У нас почти закончились деньги. Никто об этом не подозревал, поскольку мы избегали говорить о наших финансовых затруднениях в обществе, где для большинства людей важнее всего, сколько человек «стоит». Мы выходили на люди – Ирина в колье черного жемчуга, и я тщательно одетый. По возвращении же Ирина стирала наше белье в ванной. Утром, пока я в городе занимался нашими делами, или делами соотечественников, она сама готовила и убиралась.
Верa Смирнова, с ее фанатичной преданностью и энергией, время от времени приходила к нам на помощь. Она пела в ночном кабачке неподалеку от нас и часто появлялась у нас в пять часов утра с пакетами провизии, которую она прихватывала в этом заведении. Однажды она принесла огромный букет цветов. Ирина, зная, что у самой Веры нет ни цента, сказала ей, что абсурдно и бессмысленно тратить столько денег: «Я ничего и не тратила, – захохотала Вера. – Я взяла его из вазы в холле отеля «Плаза», и убежала! Никто ничего и не заметил!» Частенько она приходила к нам на целый день, приводила детей, а мужа оставляла запертым дома.
В эту пору «тощих коров» из Парижа приехал мой шурин Дмитрий и поселился у нас. Он почему-то считал нас миллионерами и был чрезвычайно удивлен, найдя нас в столь плачевной нищете.
Тем временем «рембрандты» все еще находились у Виденера, и 225 000 долларов, переведенные на мое имя Гульбенкяном, все еще лежали в банке. Ситуация особенно досадная, когда в кармане нет ни единого цента. Я узнал через адвокатов, что Виденер хочет встретиться со мной, чтобы окончательно завладеть моими «рембрандтами». Но помимо того, что предложенная им цена казалась мне неприемлемой, я считал себя связанным обязательствами с Гульбенкяном, которому обещал не продавать их никому, кроме него. Мои советники придерживались другого мнения. Они считали, что я пока не подписал никаких обязательств и поэтому волен распоряжаться полотнами по своему усмотрению. С профессиональной точки зрения они, возможно, и были правы. Но я тем не менее твердо считал, что данное мной слово обязывало меня держать его так, как не обязывает никакая подпись. Я объявил, что готов к процессу, который казался мне неизбежным. Как раз в эти дни колье из черного жемчуга было продано. Мгновенно наша жизнь изменилась. Больше никакой стирки белья, никакой кухни и посуды; эра мимолетной обеспеченности открылась перед нами.

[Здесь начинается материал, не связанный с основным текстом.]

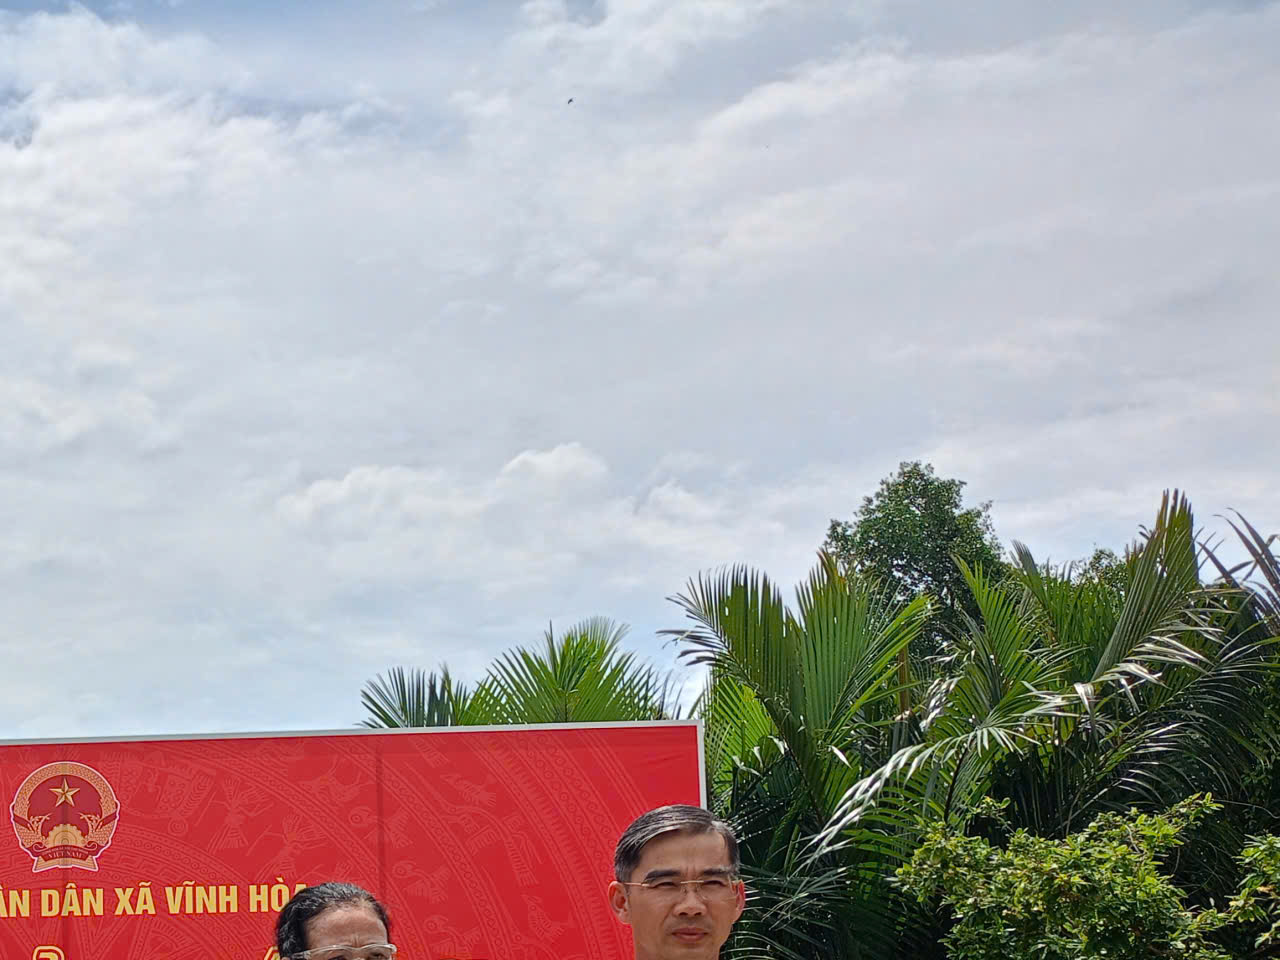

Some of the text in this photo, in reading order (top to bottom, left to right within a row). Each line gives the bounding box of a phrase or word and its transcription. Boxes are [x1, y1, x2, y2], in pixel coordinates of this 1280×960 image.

[40, 882, 104, 917] DÂN
[114, 881, 156, 915] XÃ
[165, 880, 238, 914] VĨNH
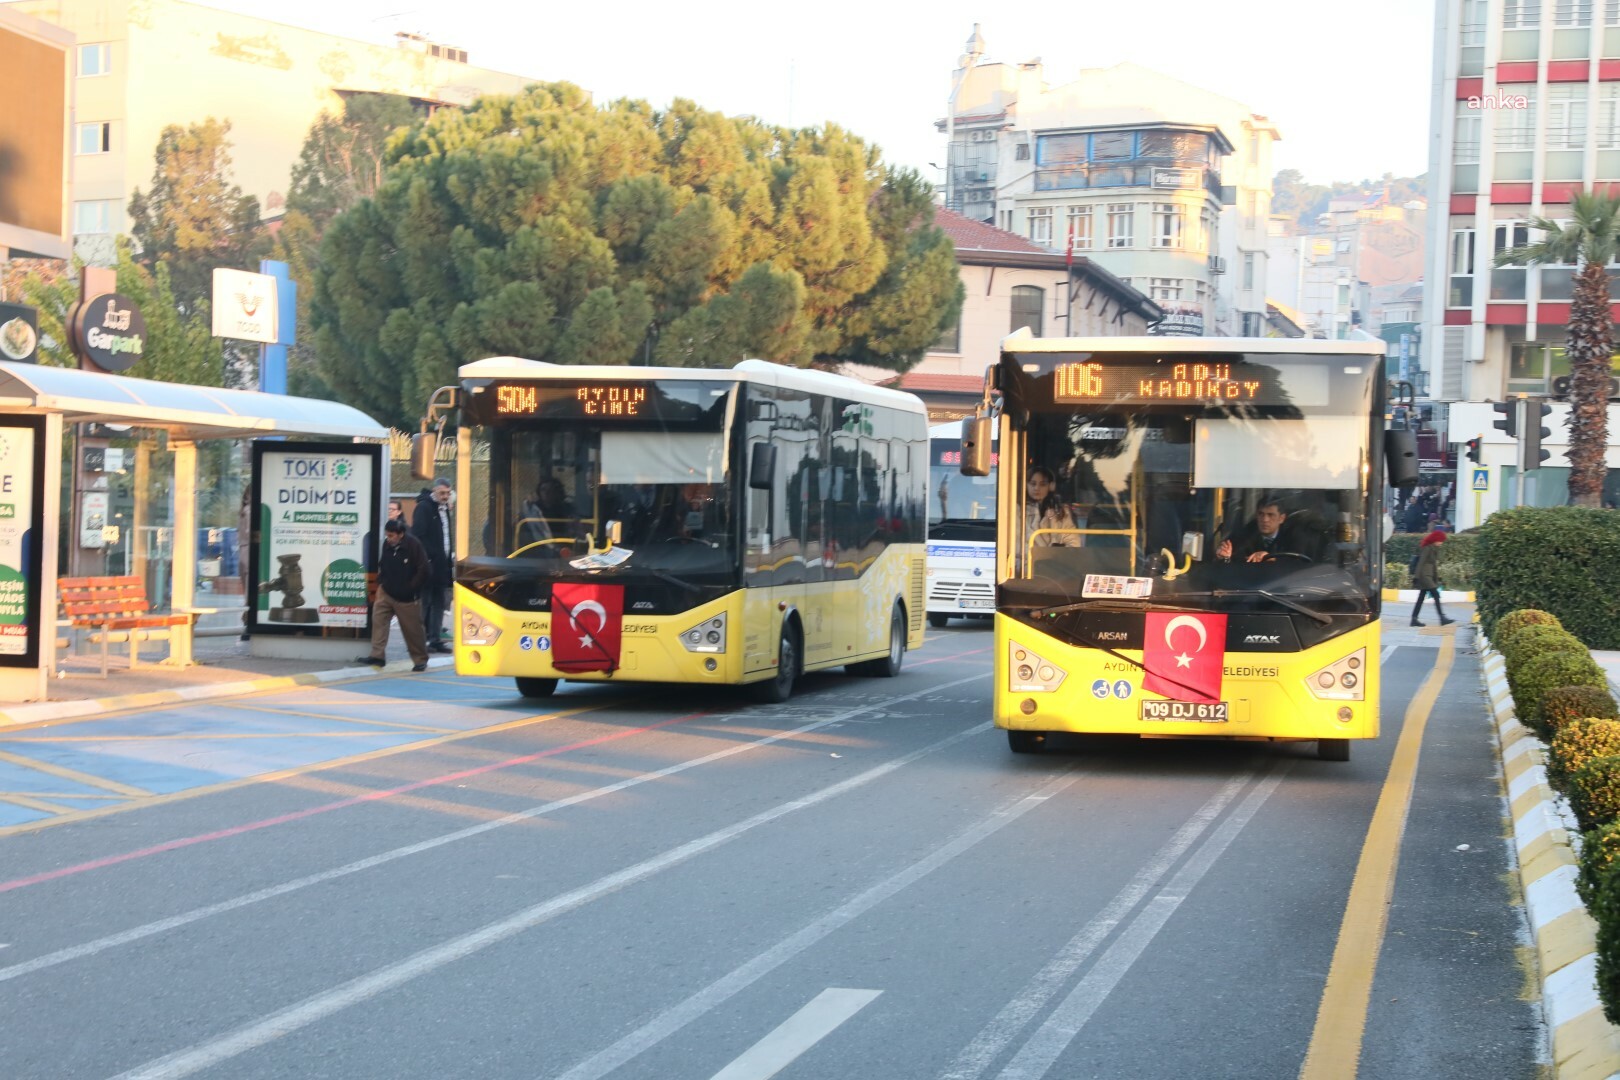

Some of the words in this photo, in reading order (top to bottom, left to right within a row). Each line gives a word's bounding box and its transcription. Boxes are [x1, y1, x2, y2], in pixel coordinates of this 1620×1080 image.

[87, 327, 143, 356] Garpark
[1055, 363, 1102, 396] 106
[1174, 364, 1229, 381] ADÜ
[577, 387, 645, 401] AYDIN
[1140, 380, 1259, 397] KADIKÖY
[283, 459, 326, 477] TOKİ
[278, 486, 357, 505] DİDİM'DE
[282, 509, 291, 521] 4
[335, 514, 357, 523] ARSA
[631, 601, 656, 609] ATA
[521, 621, 549, 630] AYDIN
[621, 623, 658, 634] LEDİYESİ
[1242, 634, 1281, 644] ATAK
[1103, 662, 1137, 673] AYDIN
[1223, 666, 1280, 677] ELEDİYESİ
[1150, 703, 1169, 717] 09
[1172, 703, 1195, 718] DJ
[1197, 704, 1226, 718] 612

Русская колония в Нью-Йорке оказалась довольно большой. Мы нашли там многих друзей, среди них полковника Георгия Лярского и одного из моих товарищей по гимназии Гуревича, талантливого скульптора Глеба Дерюжинского, который за время нашего пребывания в Нью-Йорке удачно выполнил бюсты жены и мой. Барон и баронесса Соловьевы были в числе наших новых знакомых и скоро стали нашими близкими друзьями. Мы вращались главным образом в кругу художников и музыкантов. Рахманиновы, Зилоти, и особенно жена знаменитого скрипача Коханьского показали себя настоящими друзьями в самые тяжелые для нас дни. Однажды Рахманинов исполнил свою знаменитую прелюдию до-диез-мажор, а после этого сделал интересный комментарий к ней, объяснив нам, что тема этой прелюдии передает агонию заживо погребенного.
Барон Соловьев, работавший у авиаконструктора Сикорского, однажды повел нас в мастерские, где Сикорский с помощью всего шести русских офицеров-авиаторов только что построил свой первый самолет. За этим визитом последовал сытный завтрак в маленьком загородном доме, где Сикорский жил с двумя пожилыми сестрами.
Соловьевы несколько раз возили нас к одному из своих друзей, генералу Филиппову, купившему частное владение в горах, в четырех часах езды от Нью-Йорка. Это были дни чудесного, беззаботного отдыха, который так ценила Ирина, измученная светской жизнью, которую нам приходилось вести в Нью-Йорке. В имении генерала мы словно обрели уголок нашей родины. Наши хозяева, их дом, их образ жизни, даже покрытые снегом горные склоны – все создавало иллюзию, что мы перенеслись в свою страну. Днем мы просто гуляли по окрестностям, а вечером, воздав должное борщу и пожарским котлетам, собирались вокруг большого камина, где горели огромные поленья, освещая комнату. Я брал гитару, и мы пели русские песни. Мы чувствовали себя счастливыми вдали от Нью-Йорка, от его приемов и фальшивой жизни, так утомлявшей нас.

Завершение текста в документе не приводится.